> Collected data
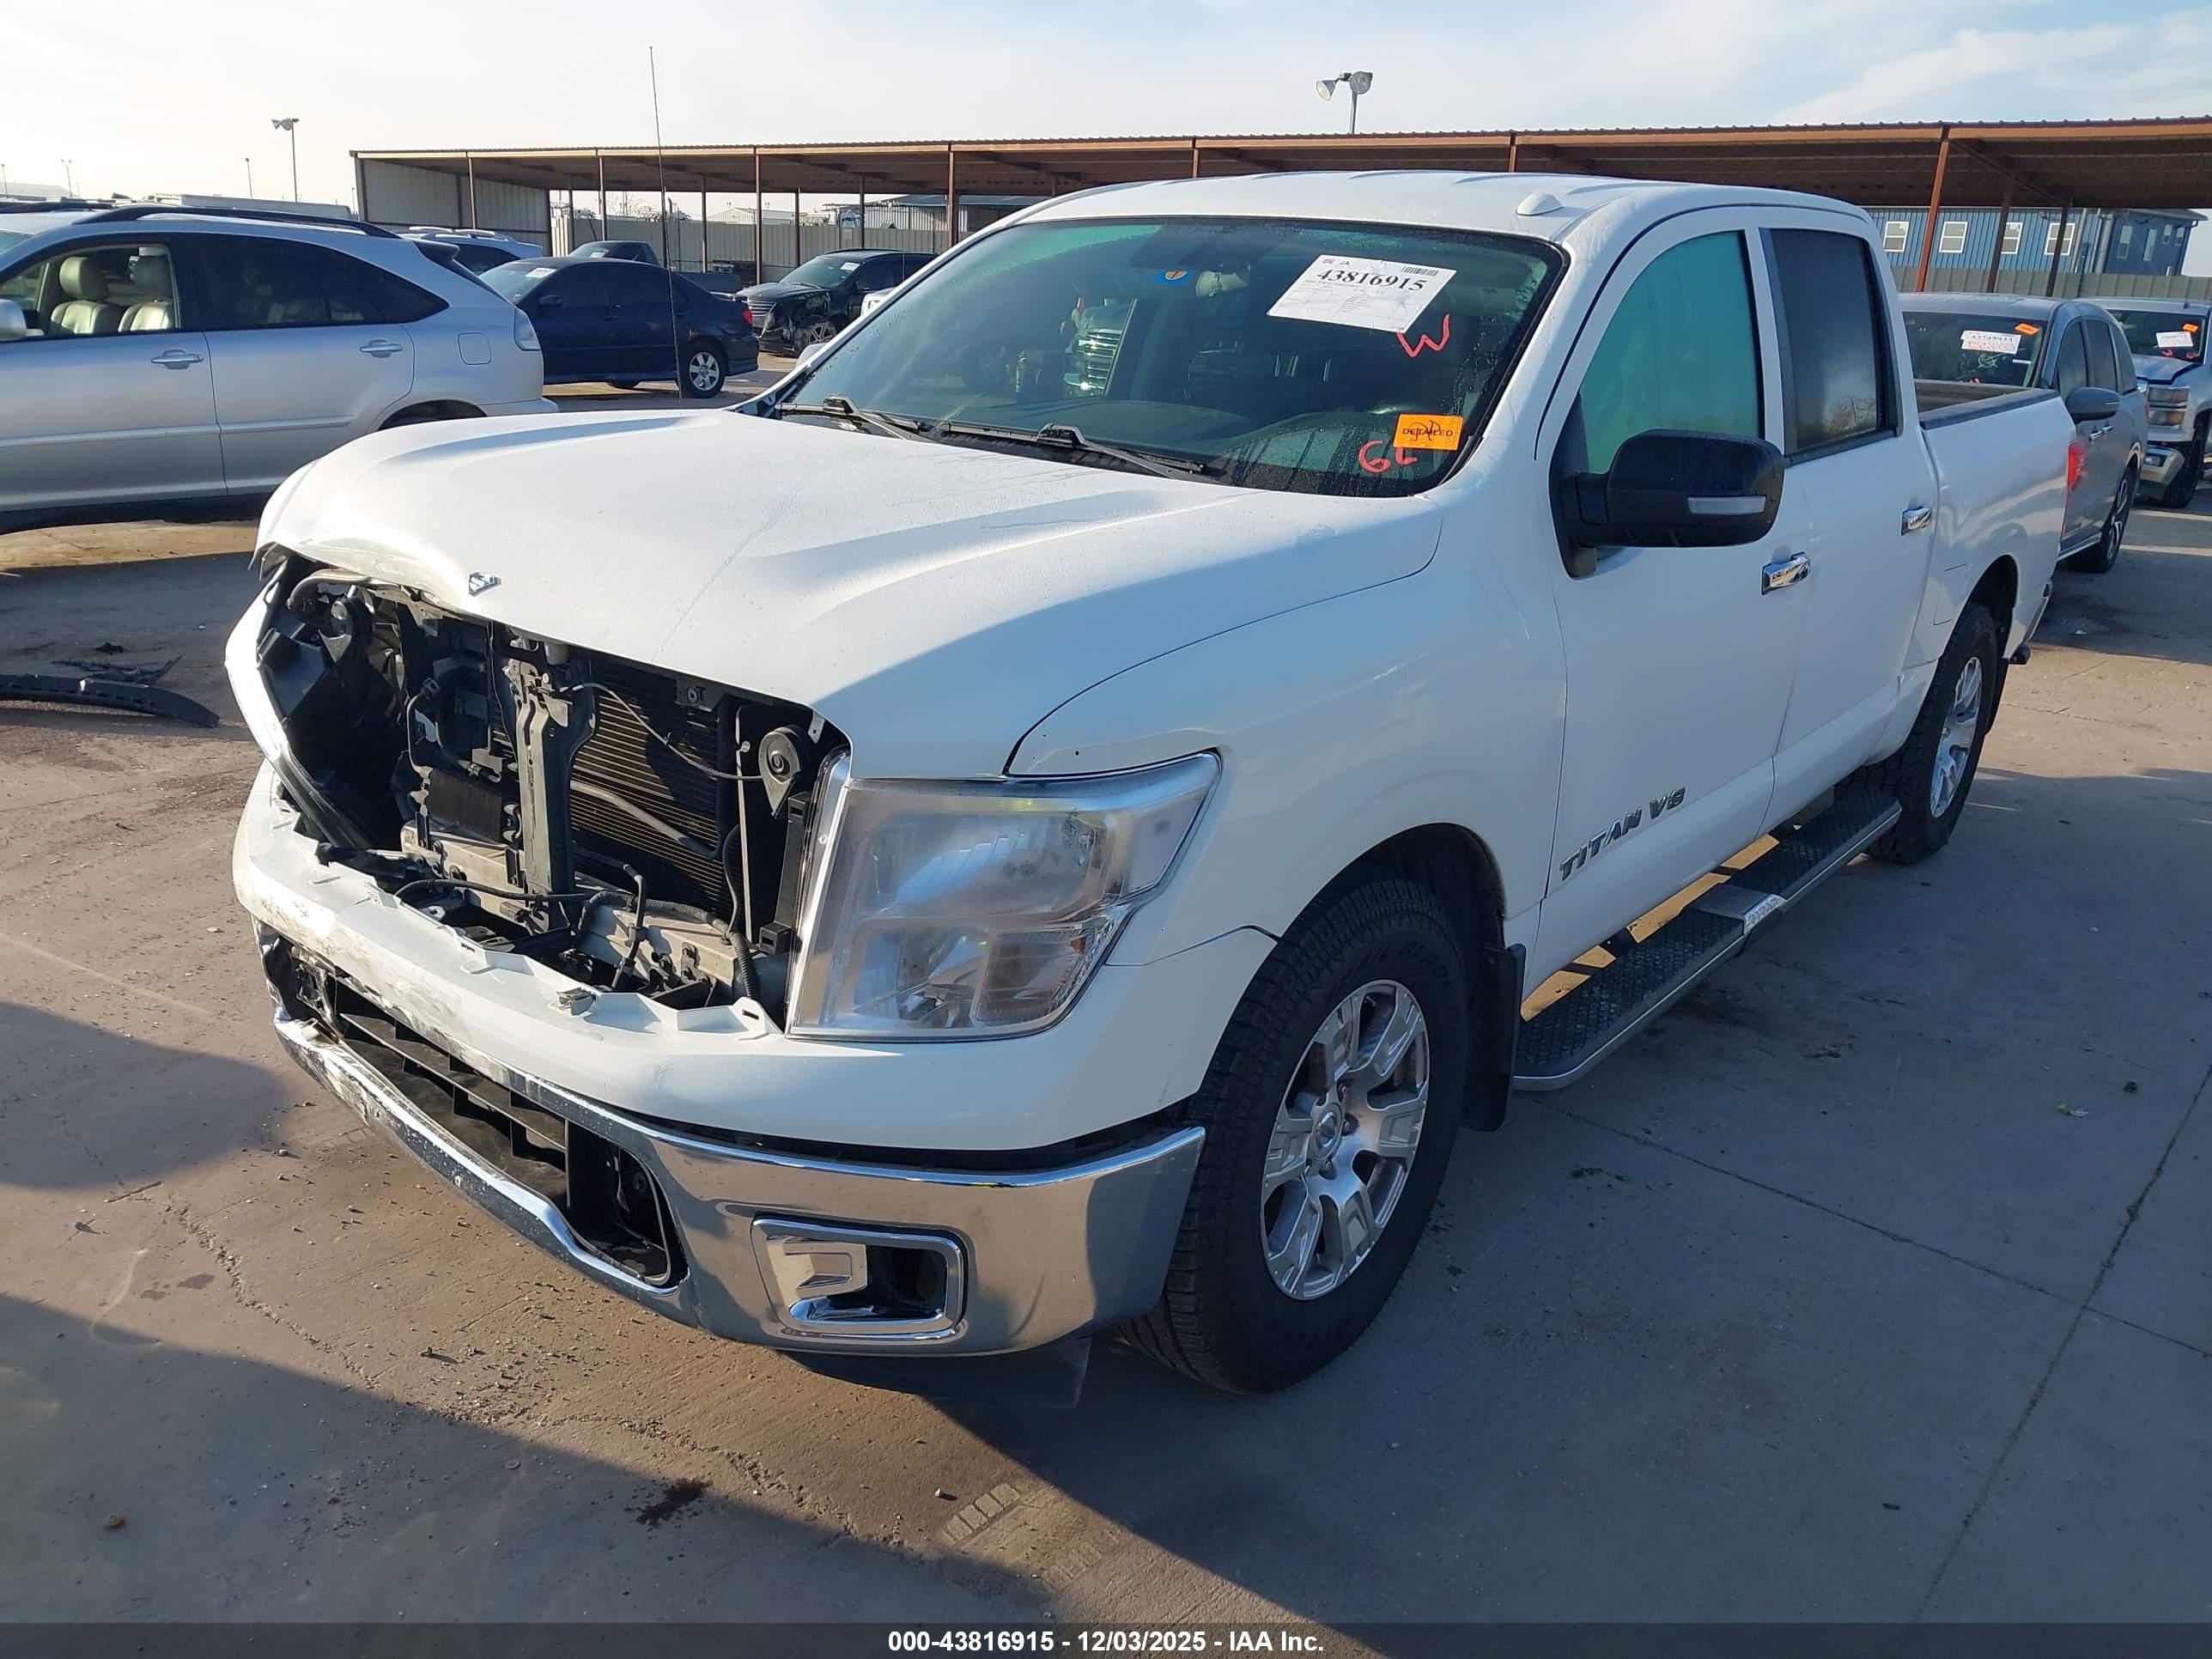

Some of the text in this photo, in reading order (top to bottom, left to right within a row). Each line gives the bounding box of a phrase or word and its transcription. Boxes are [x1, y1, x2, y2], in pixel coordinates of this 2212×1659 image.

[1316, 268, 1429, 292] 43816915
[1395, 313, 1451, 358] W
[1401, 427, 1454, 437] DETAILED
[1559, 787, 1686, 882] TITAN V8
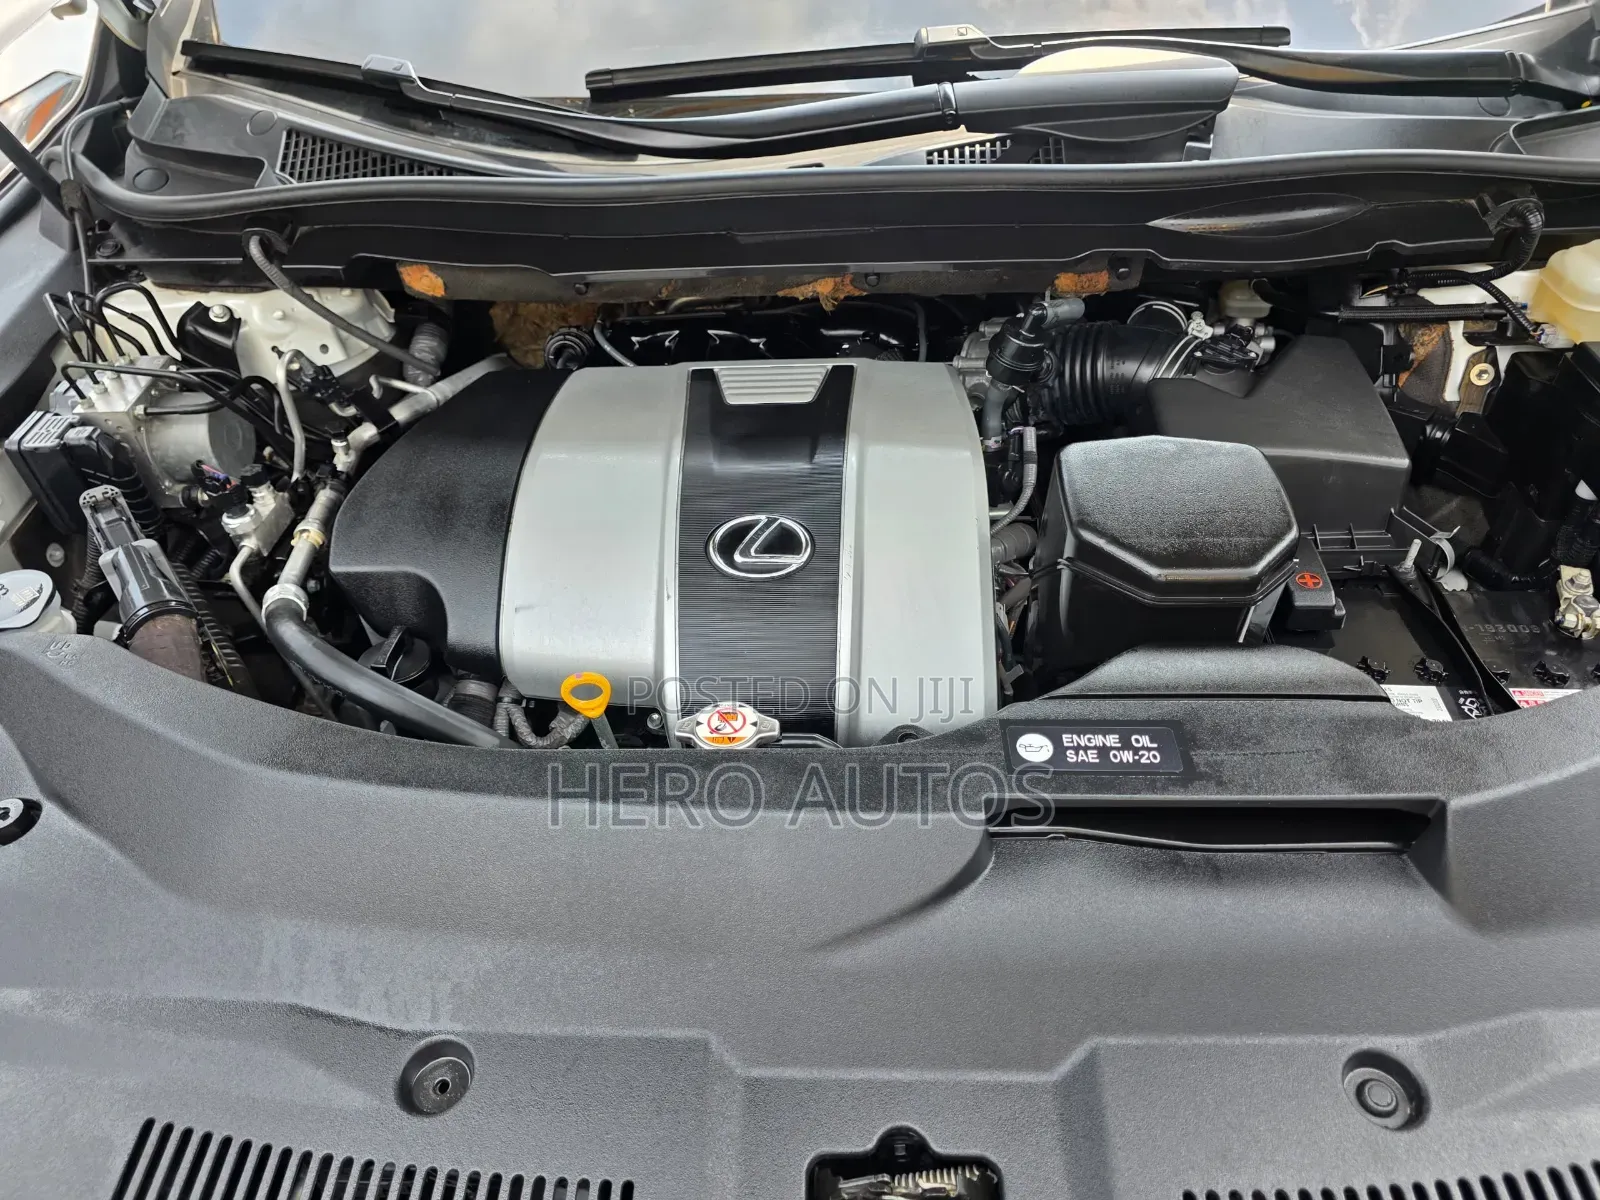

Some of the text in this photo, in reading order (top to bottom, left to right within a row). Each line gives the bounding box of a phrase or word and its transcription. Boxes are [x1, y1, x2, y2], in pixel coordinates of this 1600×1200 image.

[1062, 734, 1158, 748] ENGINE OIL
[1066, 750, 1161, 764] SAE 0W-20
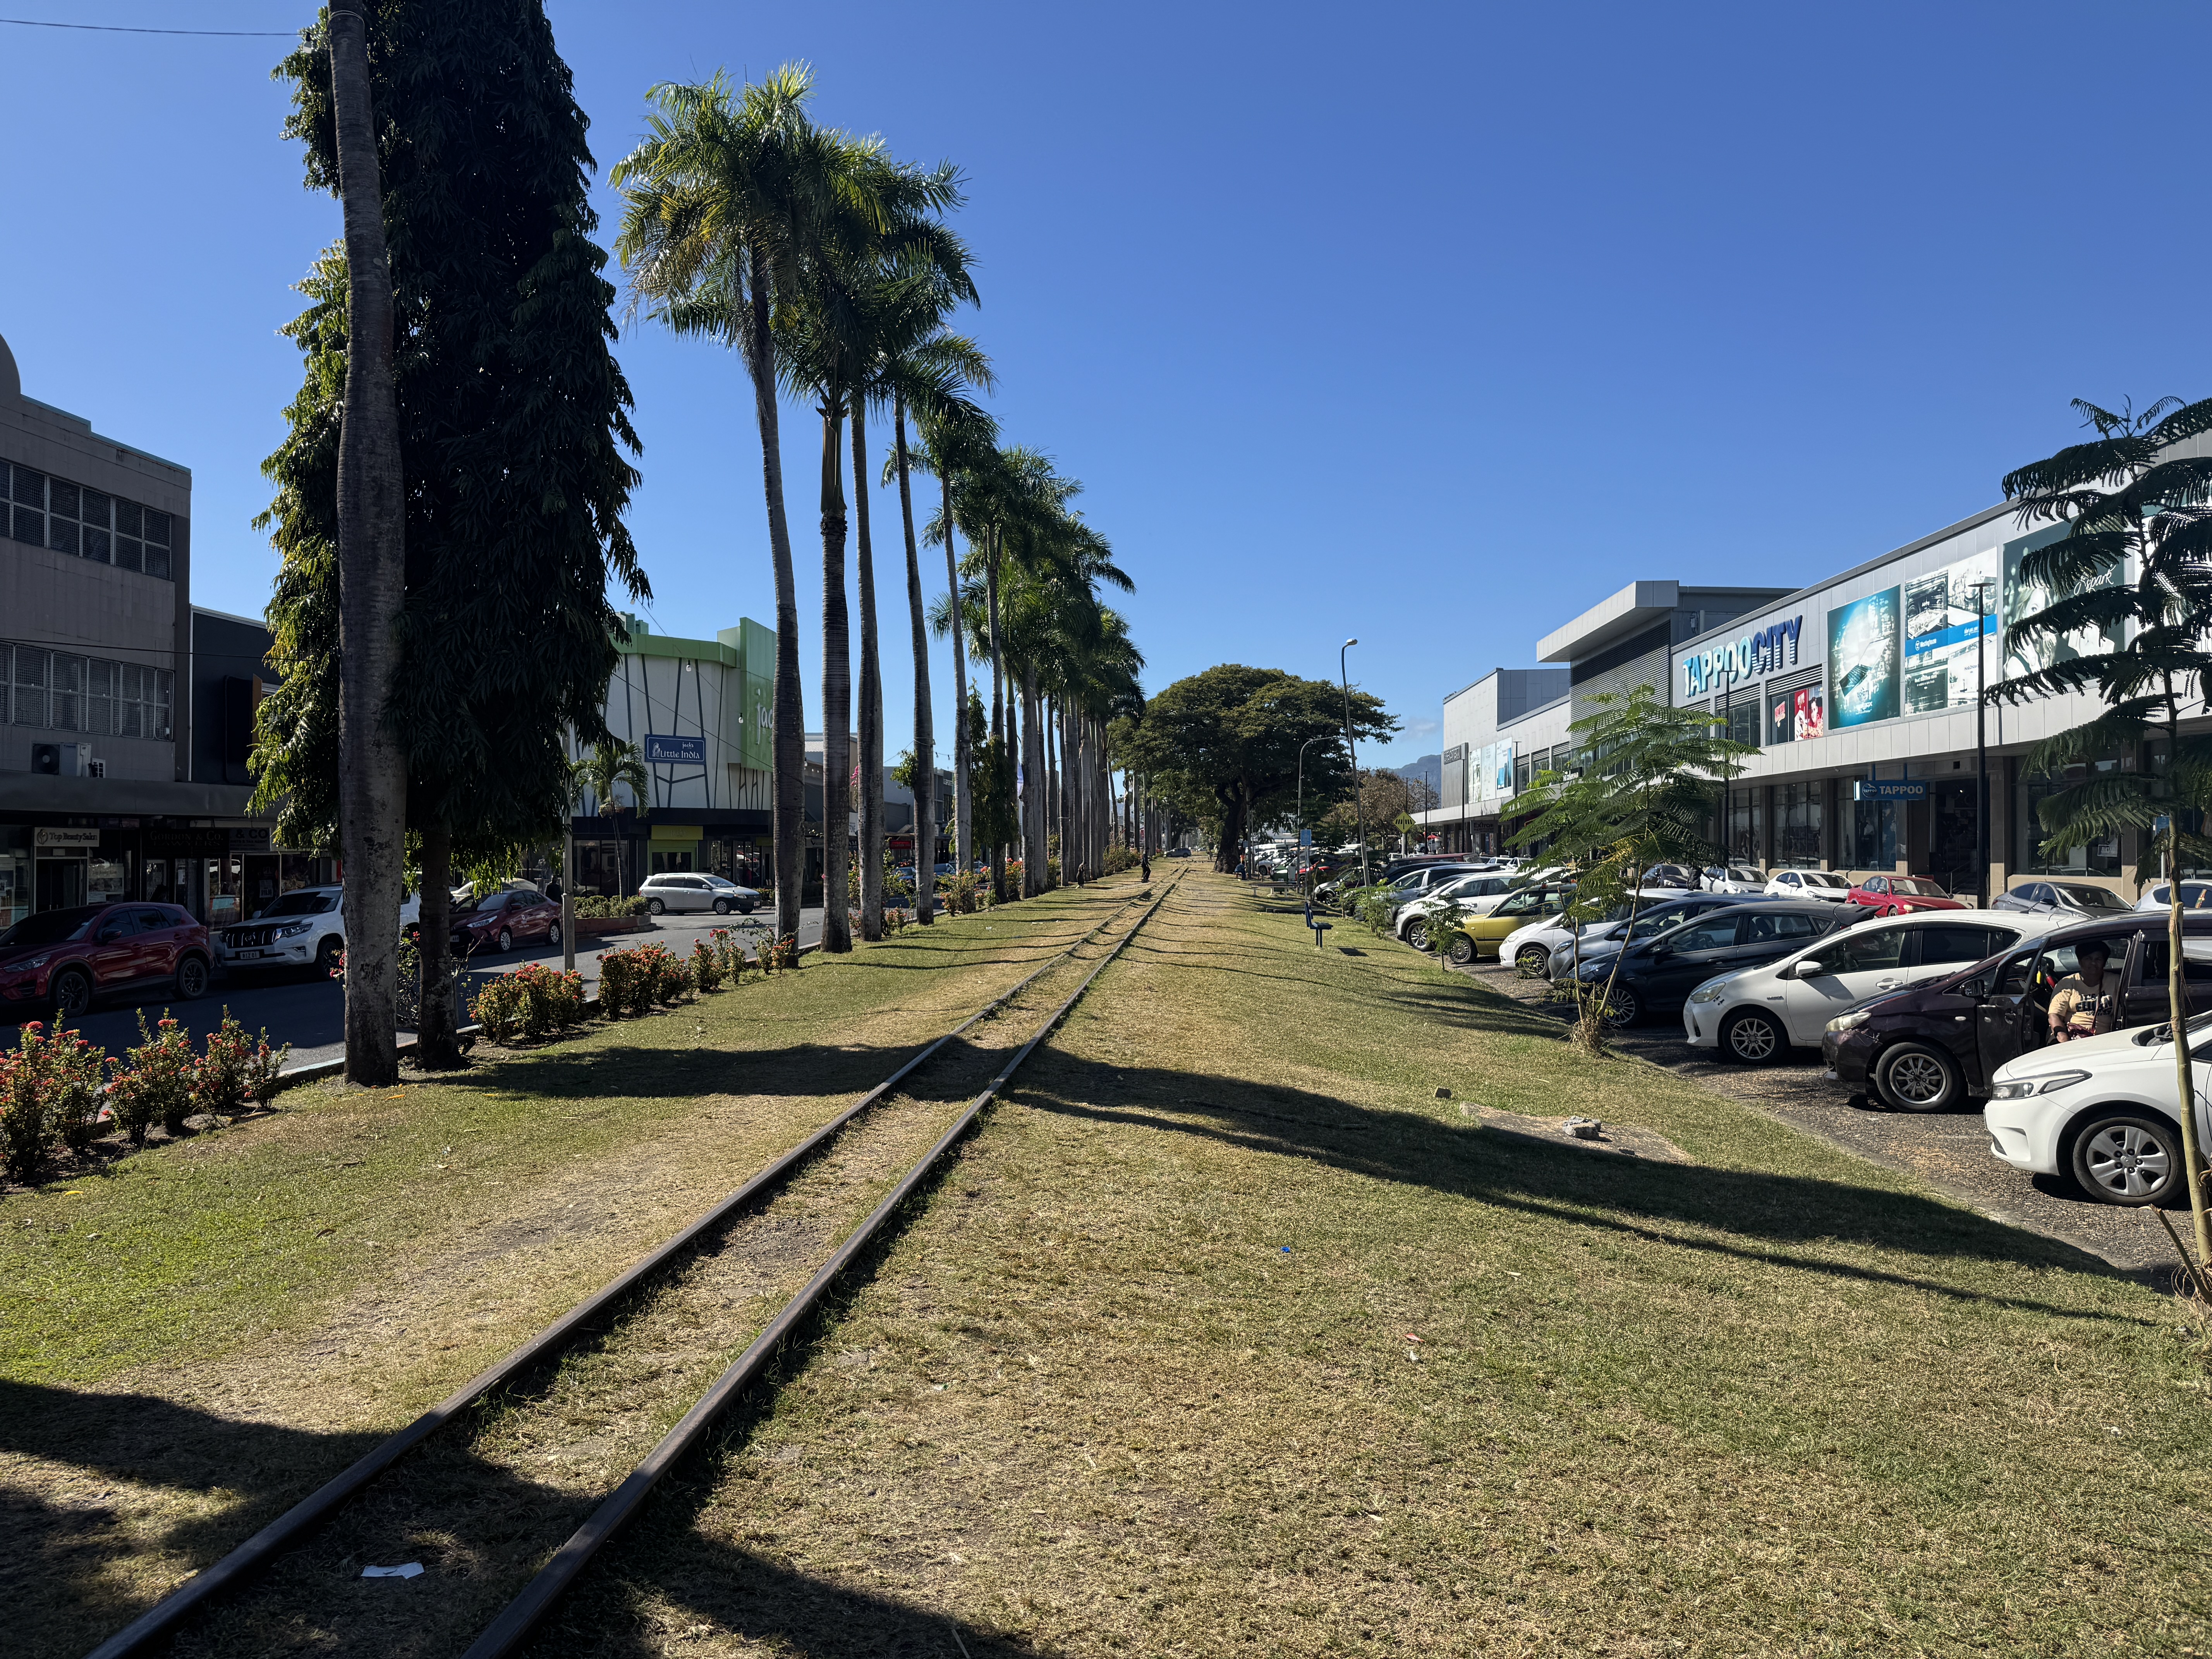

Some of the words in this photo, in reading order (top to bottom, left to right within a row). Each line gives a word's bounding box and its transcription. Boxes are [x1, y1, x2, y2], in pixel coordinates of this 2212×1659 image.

> Task requirements
Could the data above be returned in full, exactly, with every image left out?

> Response to this task
Some of the text in this photo, in reading order (top to bottom, left to right within a row). Each line gives the bounding box of a phrase or word and its transcription. Boxes are [x1, y1, x2, y2], in pixel coordinates of this 2212×1659 image.

[1316, 268, 1429, 292] 43816915
[1395, 313, 1451, 358] W
[1401, 427, 1454, 437] DETAILED
[1559, 787, 1686, 882] TITAN V8

Some of the text in this photo, in reading order (top to bottom, left to right within a row). Each line gives the bounding box of a phrase or word and its transcription. Boxes are [x1, y1, x2, y2], in pixel coordinates of this 1600×1200 image.

[1062, 734, 1158, 748] ENGINE OIL
[1066, 750, 1161, 764] SAE 0W-20

Some of the words in this photo, in reading order (top to bottom, left to right within a row). Each line gives a word's bounding box and its transcription. Boxes are [x1, y1, x2, y2], in pixel coordinates of this 2212×1659 image.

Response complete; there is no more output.